Una de las novedades más destacadas es la asignación obligatoria del 5% de todos los fondos generados por el esquema a la Australian Associated Press (AAP), la agencia de noticias que opera como organización sin fines de lucro y que suministra texto, fotografías y video a medios de todo el país. La AAP enfrentó el riesgo de cierre en 2020, y el gobierno reconoce ahora su papel en el sostenimiento del periodismo de interés público.
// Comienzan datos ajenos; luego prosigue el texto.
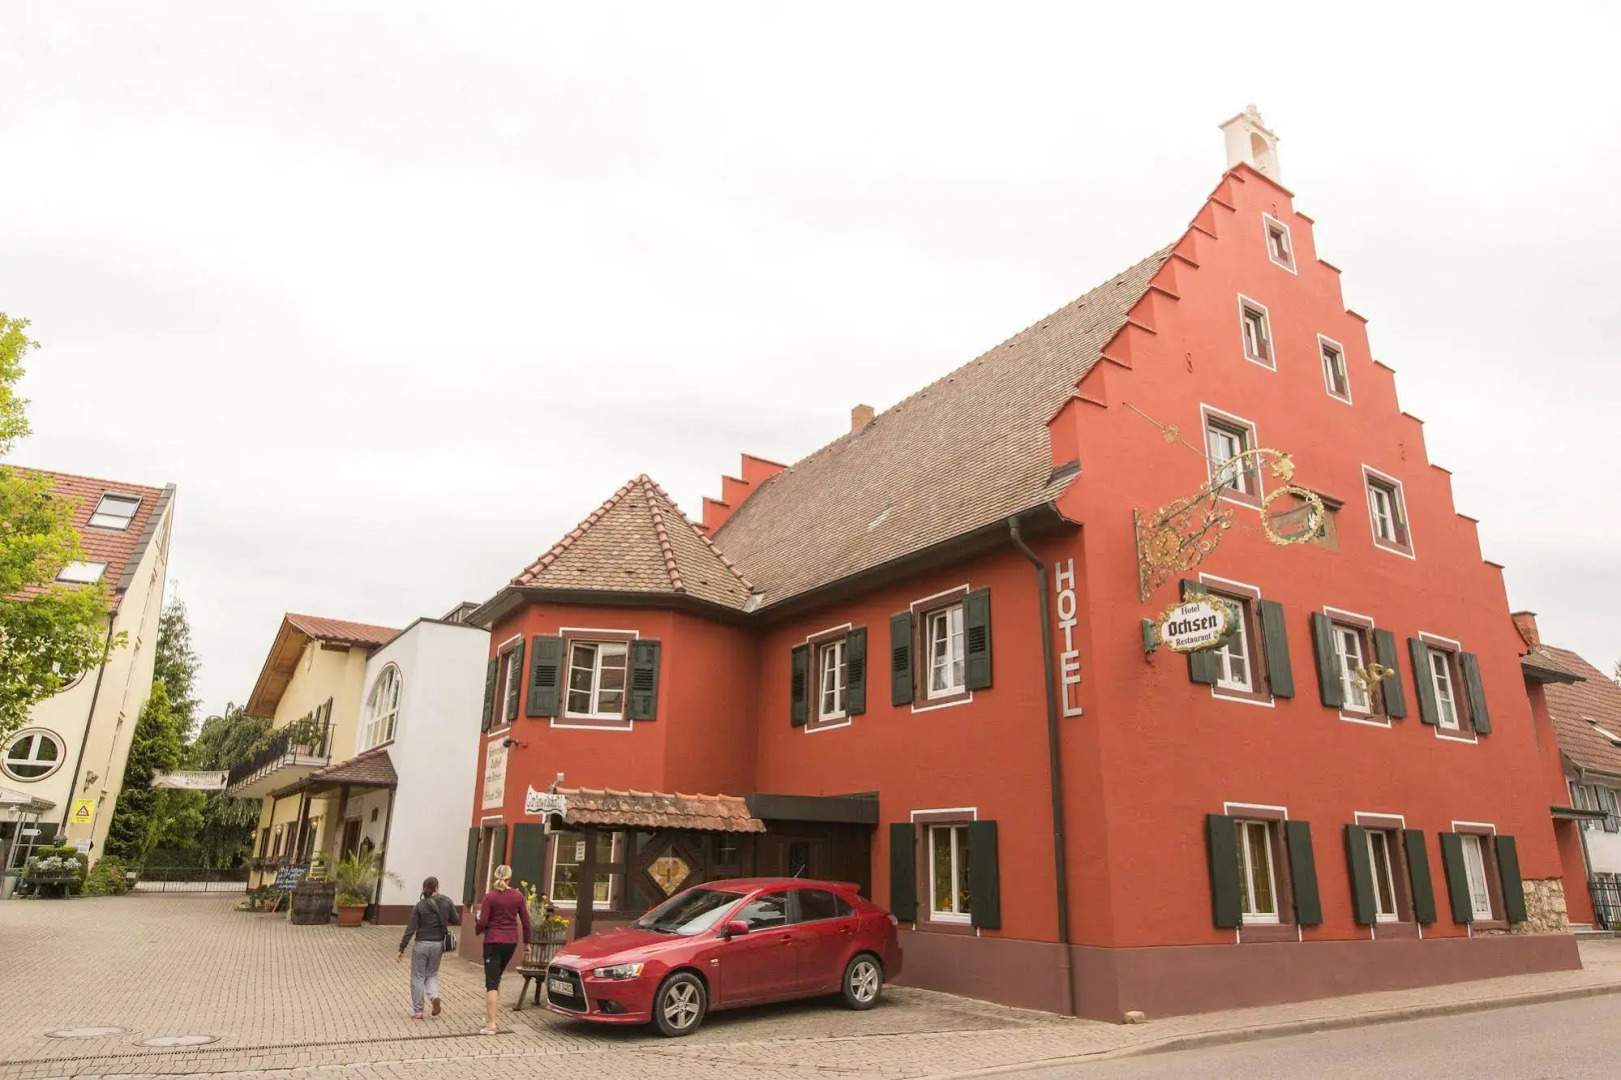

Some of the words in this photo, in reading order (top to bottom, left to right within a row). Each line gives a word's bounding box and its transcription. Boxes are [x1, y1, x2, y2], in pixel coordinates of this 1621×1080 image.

[1181, 604, 1200, 615] Hotel
[1168, 615, 1217, 636] Ochsen
[1055, 558, 1082, 717] HOTEL
[1175, 632, 1211, 646] Restaurant
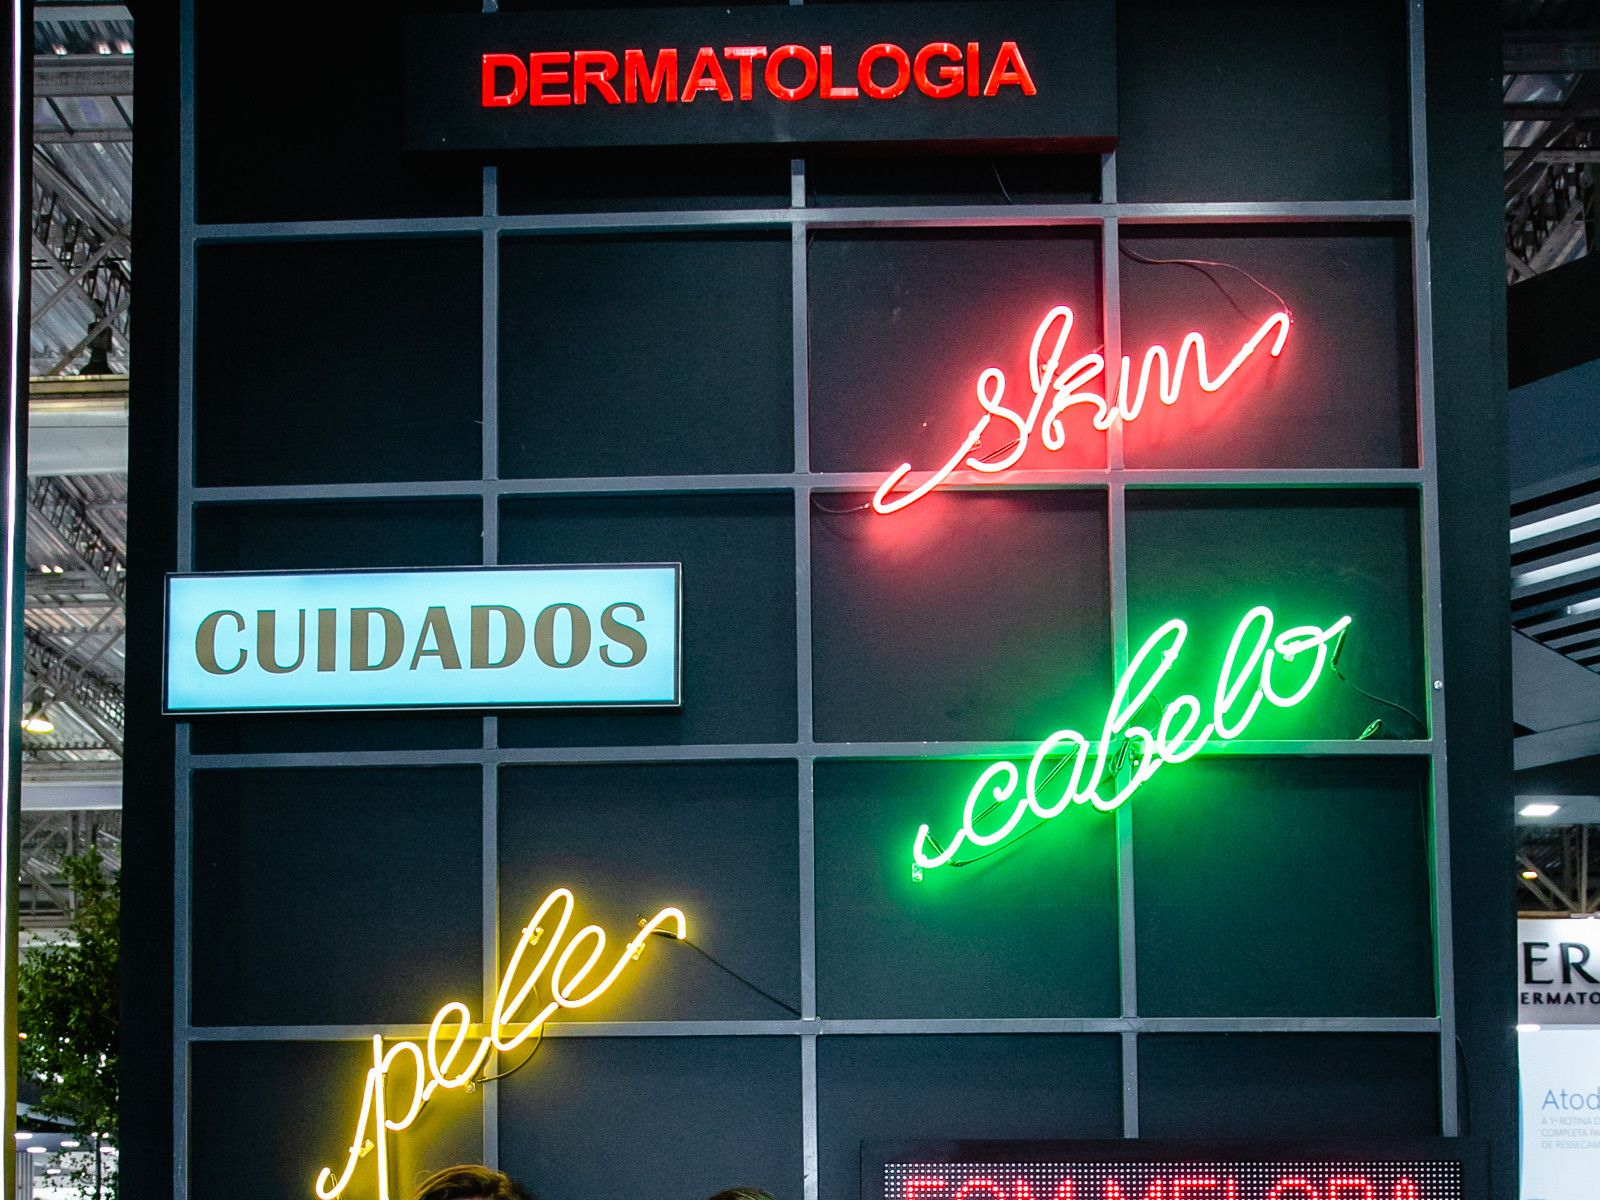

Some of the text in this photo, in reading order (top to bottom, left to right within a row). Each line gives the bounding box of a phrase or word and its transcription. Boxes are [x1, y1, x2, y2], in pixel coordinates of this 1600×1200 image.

La ley también amplía el universo de plataformas afectadas. Además de Google y Meta, se incluyen explícitamente TikTok y LinkedIn (propiedad de Microsoft), servicios que quedaban fuera del código original de 2021. Quedan excluidas, por el momento, las plataformas de inteligencia artificial, que se regulan mediante otra legislación.
La ministra de Comunicaciones, Anika Wells, justificó los cambios señalando que “las personas acceden a las noticias de formas y desde fuentes diferentes”, por lo que el esquema debe apoyar mejor a los medios pequeños y diversos. El tesorero asistente Daniel Mulino destacó que se trata de “un día significativo para el futuro del periodismo australiano”.
El acuerdo entre el gobierno y la oposición, sellado tras conversaciones entre Albanese y el líder opositor Angus Taylor, garantiza un trámite parlamentario fluido. Sin embargo, no todos los actores están satisfechos. News Corp criticó semanas atrás algunas modificaciones intermedias, argumentando que debilitaban el incentivo. Las grandes tecnológicas, por su parte, han rechazado en el pasado este tipo de esquemas, considerándolos impuestos discriminatorios.